THE winds of change have been sweeping through the country in the past fortnight at breathtaking speed.
First, the incredible election results that very few predicted correctly. Then the post-election drama until Tun Dr Mahathir Mohamed was sworn in for a historic second time as PM. Followed by many decisions and measures announced daily as Mahathir hit the ground running, or rather sprinting.
The liberation of Anwar Ibrahim “from prison to palace” and from palace to padang for the night rally last Wednesday completed the key milestones in the quick journey from the old discredited order to the new world being born.
Mahathir was not only the man of the hour, masterfully guiding the ship to the harbour, avoiding the last dangers, but also a man in a hurry, laying the foundations for recovering the economy, reforms to key institutions, and getting to the bottom of the 1MDB sacndal.
Quite a few have aptly quoted Shakespeare to describe what happened: “There is a tide in the affairs of men which when taken at the flood leads on to fortune.”
There is another saying, when a revolution has taken place but there is chaos afterwards and the future is uncertain: “The old world is dying but the new cannot be born.”
What is most remarkable about the first post-election days is not how quickly the old era is passing away but how rapidly the new order is being built.
The reconciliation of the two giants of Malaysian politics, Mahathir and Anwar, paved the way to this remarkable new chapter.
When they fell out two decades ago, their story was worthy of a Shakespearean tragedy.

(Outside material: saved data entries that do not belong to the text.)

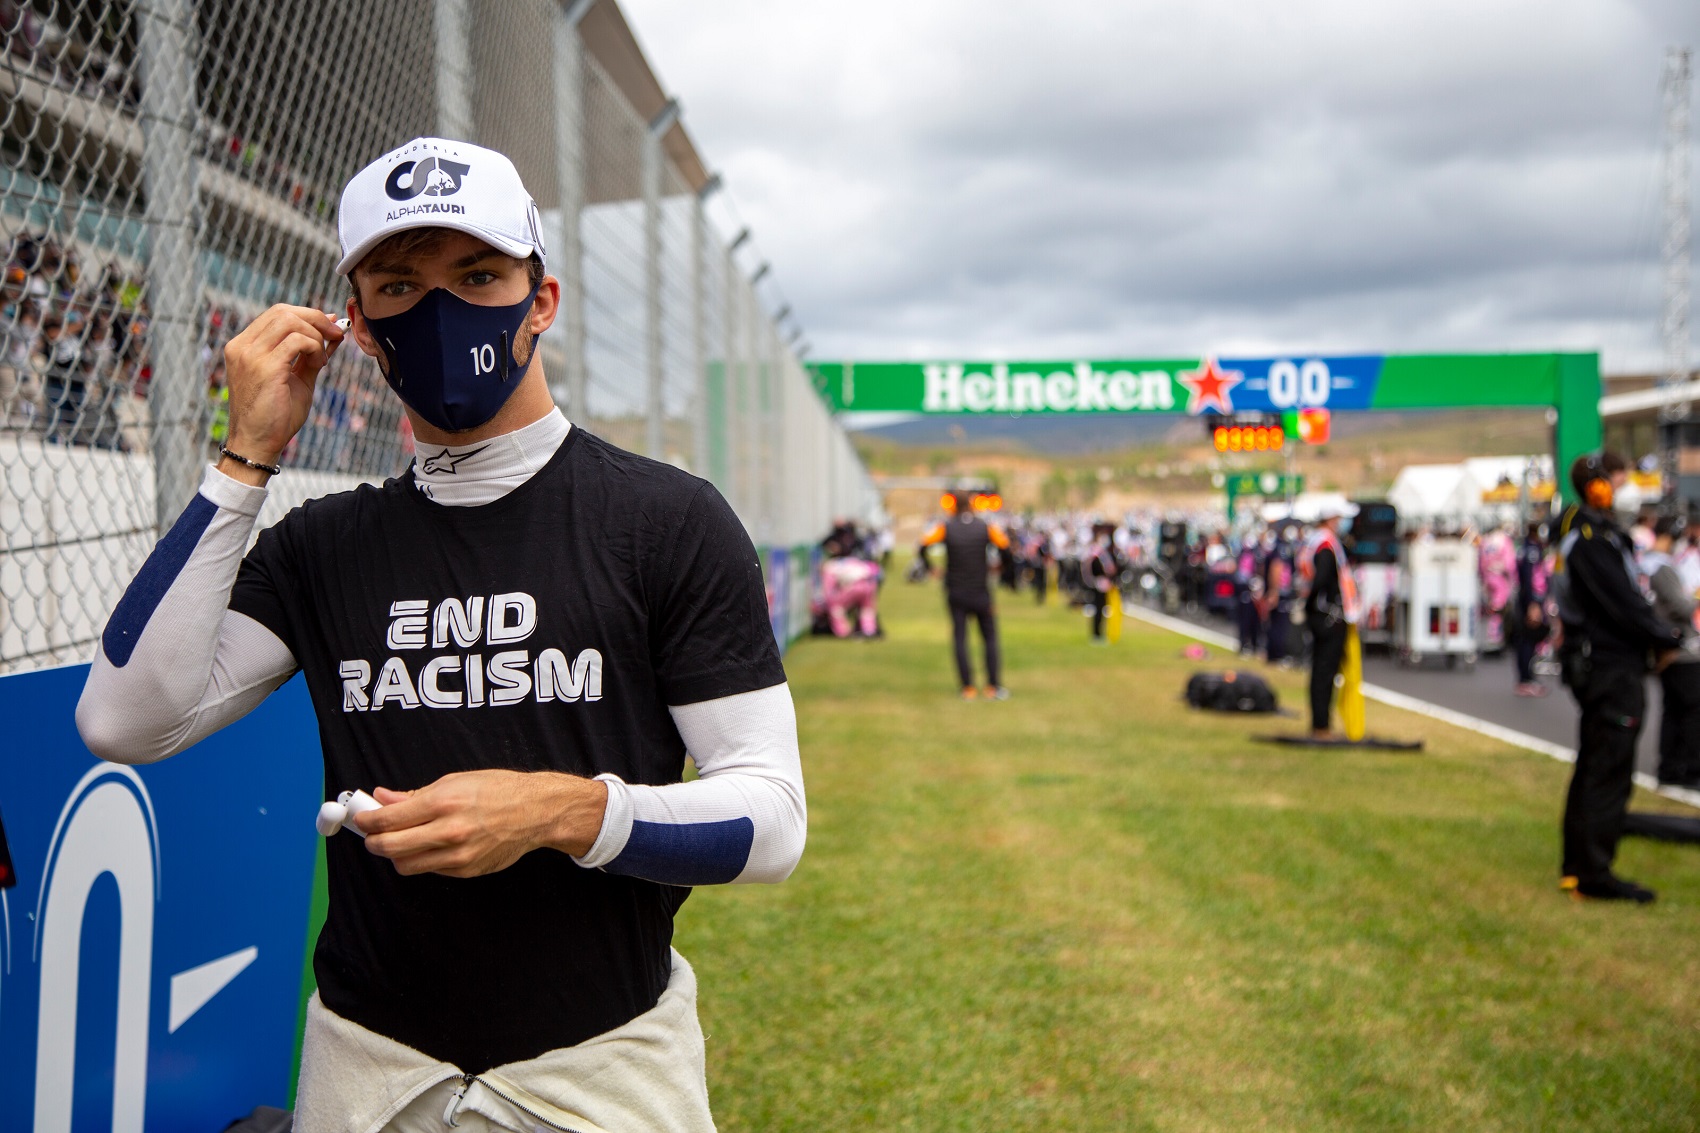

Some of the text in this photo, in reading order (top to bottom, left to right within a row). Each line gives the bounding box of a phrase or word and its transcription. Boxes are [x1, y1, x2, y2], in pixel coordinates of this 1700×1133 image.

[469, 343, 496, 376] 10
[923, 362, 1174, 412] Heineken
[386, 591, 538, 650] END
[339, 647, 603, 712] RACISM
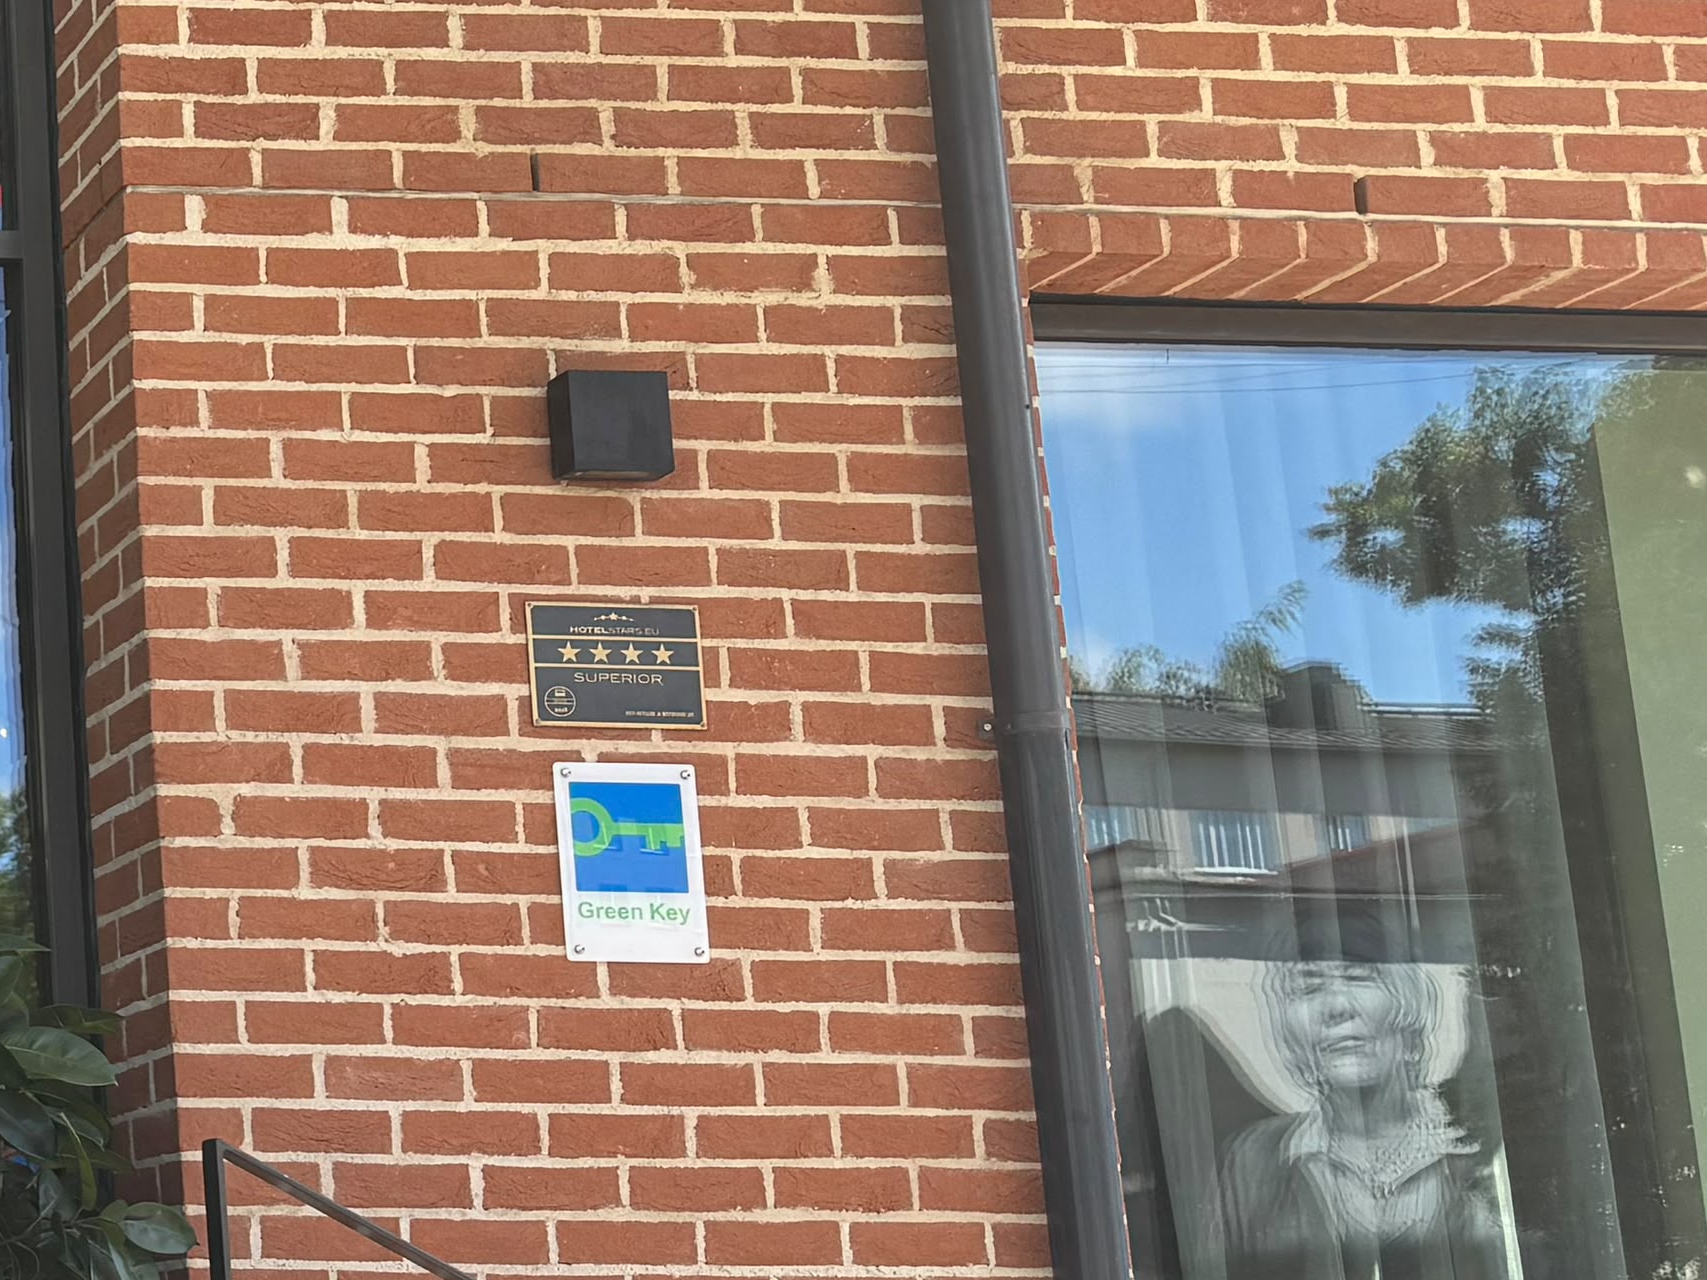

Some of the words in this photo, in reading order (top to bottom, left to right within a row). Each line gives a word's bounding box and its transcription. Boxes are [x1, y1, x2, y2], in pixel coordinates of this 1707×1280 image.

Destiny or will or both have provided them a second chance to get it right this time, and if they do, Malaysia itself will have the opportunity to have a bright future.
It will always be remembered that the sacrifices made by Anwar and his family through his three jail terms and the reformasi movement he generated brought the country to where it is.
Equally, history will record that Mahathir not only laid the foundation of the country’s recent economic development and progressive foreign policy in his long stint as PM but also that he returned to “save Malaysia” from the lowest depths the country had descended into.
If reformasi has been the war cry, implementing a true reform agenda is now the prerogative.
Mahathir has now embarked full scale on reform – Anwar says his role is to keep it on the right track.
Understandably, the PM’s first priority is the economy. The new government has been acting to ensure that as far as possible its new policies should not lead to confidence erosion by investors and fund managers.
Removing the GST, Pakatan Harapan’s main election promise, is the number one political prerogative. Concerns that this will lead to a RM40bil revenue shortfall are being countered by expectations of increased revenue from renewal of a sales tax, the hike in oil prices to the current US$80 (RM318) a barrel, and savings from a planned reduction of wastage in government expenditure. The GST removal on June 1 should also lead to price reductions, a boost to consumer spending and the economy as a whole, and thus generate extra state revenue.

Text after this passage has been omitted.